In connection with these issues, the ALJ first noted that Petitioner last worked as a licensed hairdresser in 1974. (Id.) Moreover, in an April 22, 2004 SSA questionnaire, Petitioner stated that he had not renewed his cosmetologist license after 1974 because he was "unable to work." (Id. (citing id. 184)) In the same questionnaire, Petitioner stated that his May 2002 hairdressing was a "1 [t]ime [d]eal[.]" (Id. (citing id. 184)) During the 2005 SSA hearing, Petitioner testified that (1) he had not worked in more than twenty years; and (2) he was unable to work because of his disability. (Id. 114-15 (citing id. 90)) Petitioner further testified that he was receiving SSI for depression and arthritis of the spine (id. 115 (citing id. 86-87)), that his depression and ability to function fluctuated on a daily basis, and that the work he performed was not done on a regular basis. (Id. (citing id. 92)) The ALJ concluded that this level of impairment suggested that Petitioner was unable to perform basic work activity. (Id.)
Although Petitioner submitted calendar pages from May and June of 2002 reflecting several activities Petitioner allegedly engaged in at the time - including hairdressing work on May 20 and 21, 2002 - the reliability of these records was significantly undermined by Petitioner's testimony that he had not necessarily engaged in all of the activities listed on the calendar. (Id. (citing id. 159, 160) The ALJ found that the calendar entries do not constitute reliable evidence as to whether Petitioner had actually worked on May 20 and 21, 2002, and went on to conclude that a trade or business did not exist in 2002 for purposes of establishing Petitioner's eligibility for retirement benefits. (Id.)

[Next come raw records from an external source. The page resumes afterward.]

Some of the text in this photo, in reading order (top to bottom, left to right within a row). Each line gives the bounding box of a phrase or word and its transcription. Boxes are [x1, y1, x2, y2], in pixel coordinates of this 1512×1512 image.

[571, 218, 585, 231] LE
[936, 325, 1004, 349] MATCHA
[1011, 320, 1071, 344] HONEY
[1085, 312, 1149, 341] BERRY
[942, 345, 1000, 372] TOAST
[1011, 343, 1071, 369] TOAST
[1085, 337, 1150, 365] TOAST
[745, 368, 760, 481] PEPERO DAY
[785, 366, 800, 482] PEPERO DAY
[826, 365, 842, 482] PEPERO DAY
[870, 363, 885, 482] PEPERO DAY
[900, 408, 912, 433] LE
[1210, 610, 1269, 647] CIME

With respect to the Second Circuit's instruction that the ALJ assist Petitioner in "supplement[ing] . . . the record" with documentation "reflecting any customers or services rendered [by Petitioner] during the time period in question," Thibodeau, 339 F. App'x. at 63-64, the ALJ received a fourteen-page submission from Petitioner at the June 7, 2010 hearing. (A.R. 1 ("List of Exhibits") at Exh. 12 ("Claimant's submission 6/7/10"); see id. 158-71) Petitioner's submission includes: (1) a May 12, 2010 letter from Senator Kirsten Gillibrand to Petitioner (id. 158); (2) pages from Petitioner's calendar from May and June 2002 (id. 159-160); (3) a page of notes prepared by Petitioner relating to the hairdressing work that he performed on May 20 and May 21, 2002 (id. 161); (4) a copy of a timesheet that appears to reflect work that Petitioner performed as a hairdresser in 1973 (id. 162); (5) a photocopy of five personal checks signed by Petitioner in 2005 (id. 163); (6) the Second Circuit's July 31, 2009 summary order (id. 164-167); (7) a May 4, 2010 letter from SSA Regional Communications Director John Shallman to Senator Gillibrand that discusses Petitioner's scheduled SSA hearing date (id. 168); and (8) a March 19, 2009 letter from Petitioner to the Second Circuit informing the court that Petitioner was "physically unable to attend th[e] oral argument," and providing details as to Petitioner's then current medical condition. (Id. 170-171) Petitioner's submission also includes an April 24, 2010 "To Whom It May Concern" letter from Petitioner. (Id. 169) The letter states that Petitioner has enclosed several exhibits "that the [Second Circuit's] mandate refers to, as these are all that I have left to submit to the administrative judge were I to meet with one. These combined with all of the records that have been col[l]ected on me for the past eight years should, I feel entitle me to the benefits for which I have laboriously worked for over the past fifty six (1954) years!" (Id.)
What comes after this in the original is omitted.